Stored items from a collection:
::::

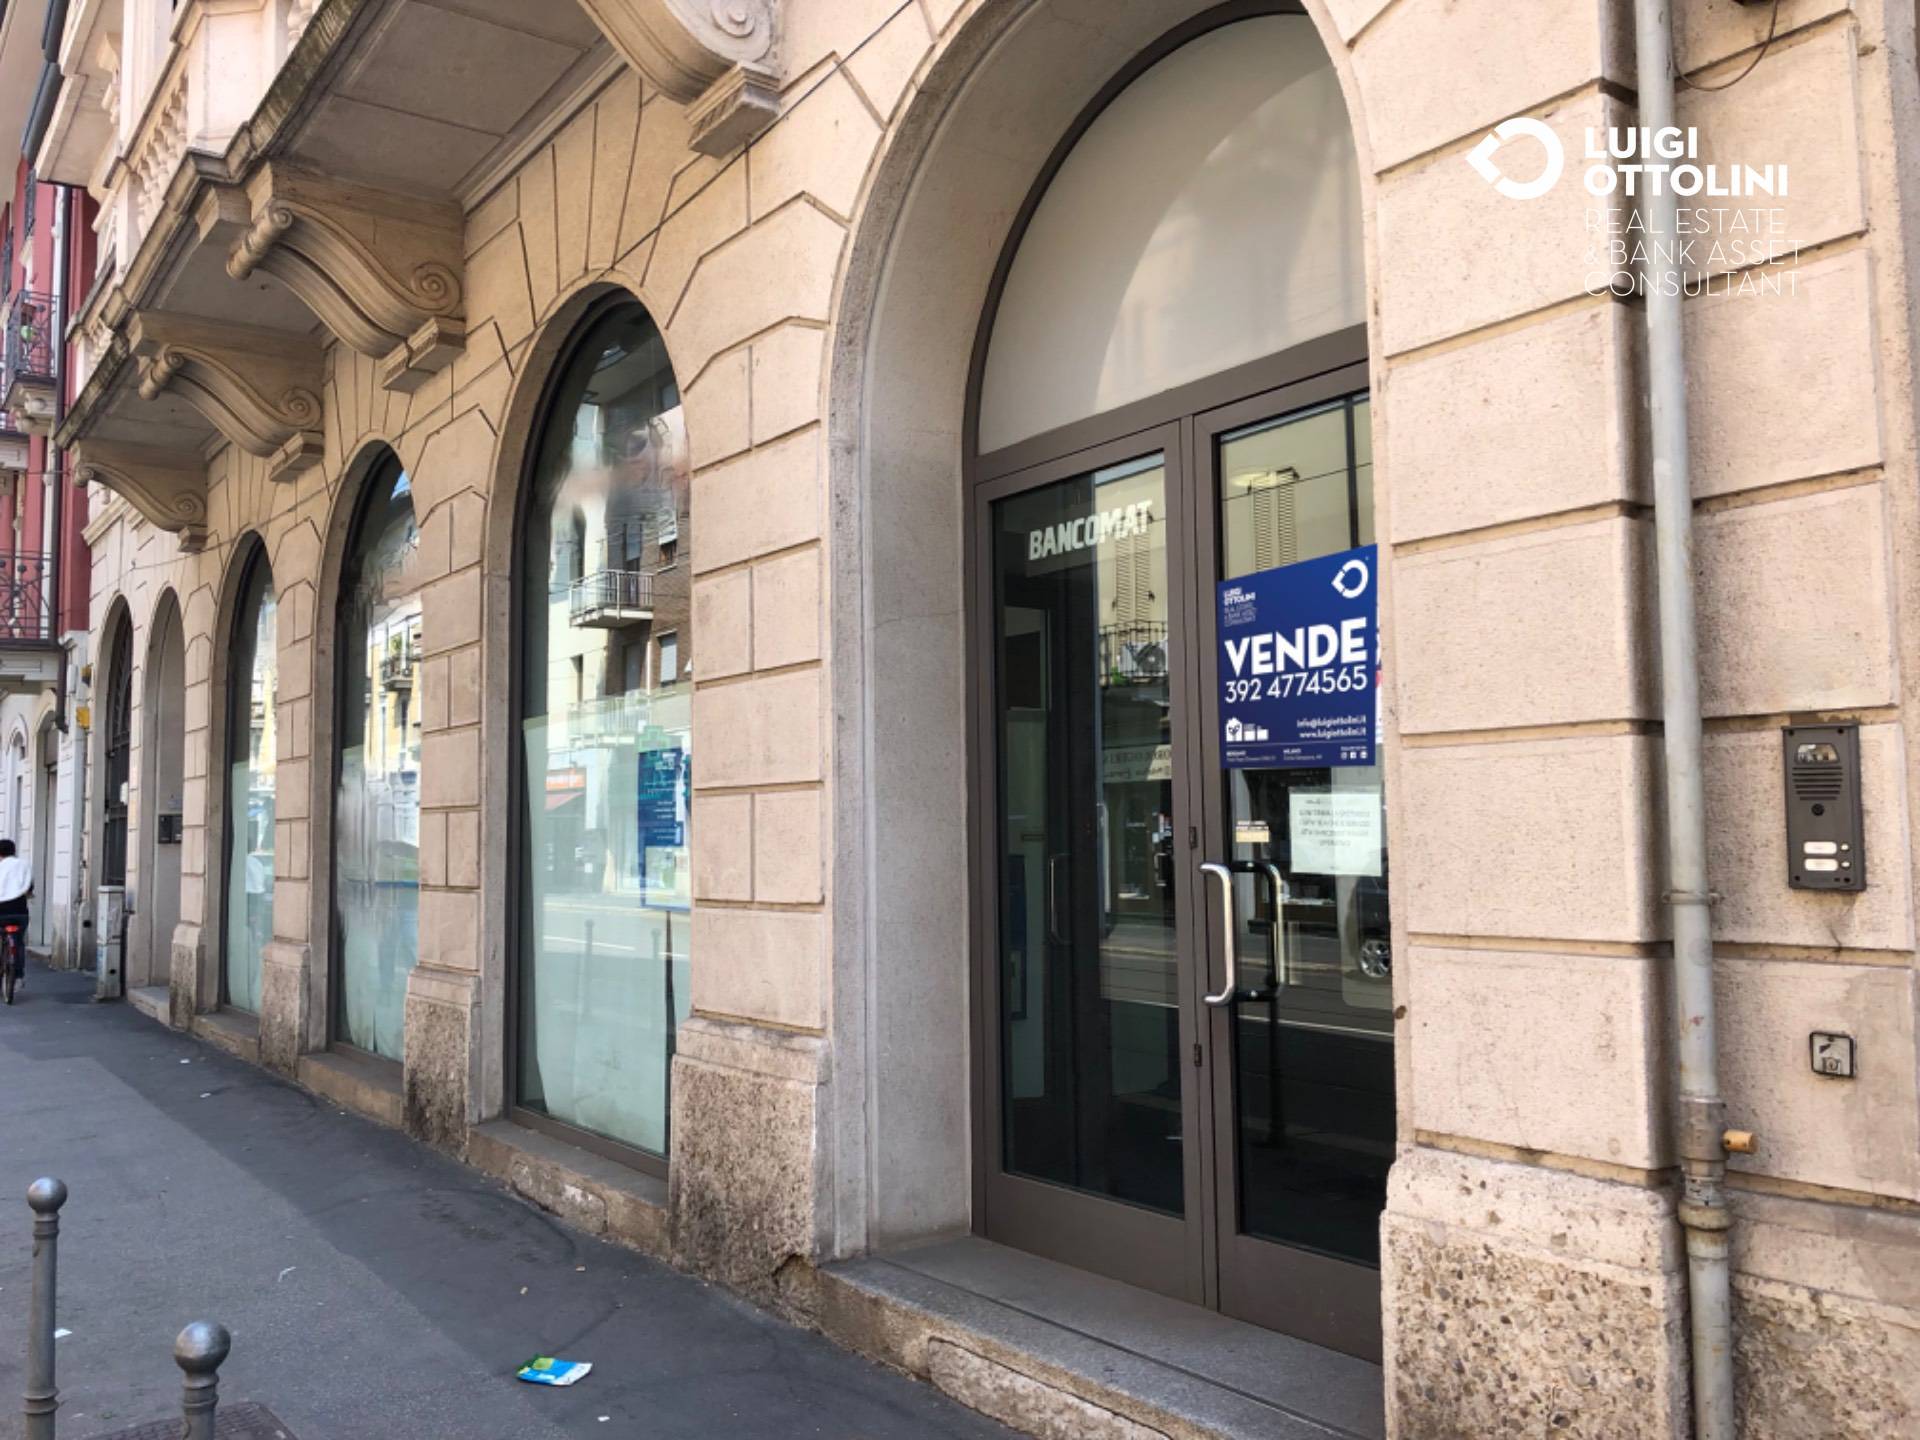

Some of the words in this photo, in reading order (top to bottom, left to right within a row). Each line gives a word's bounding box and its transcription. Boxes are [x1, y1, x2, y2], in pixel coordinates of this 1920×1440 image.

[1028, 500, 1153, 560] BANCOMAT
[1224, 616, 1368, 678] VENDE
[1224, 678, 1262, 703] 392
[1266, 665, 1368, 699] 4774565

::::

▶ [EXERCISE PROMPT] Repeat the preceding records exactly but drop the images.

▶ [TASK RESPONSE]
Some of the words in this photo, in reading order (top to bottom, left to right within a row). Each line gives a word's bounding box and its transcription. Boxes are [x1, y1, x2, y2], in pixel coordinates of this 1920×1440 image.

[1028, 500, 1153, 560] BANCOMAT
[1224, 616, 1368, 678] VENDE
[1224, 678, 1262, 703] 392
[1266, 665, 1368, 699] 4774565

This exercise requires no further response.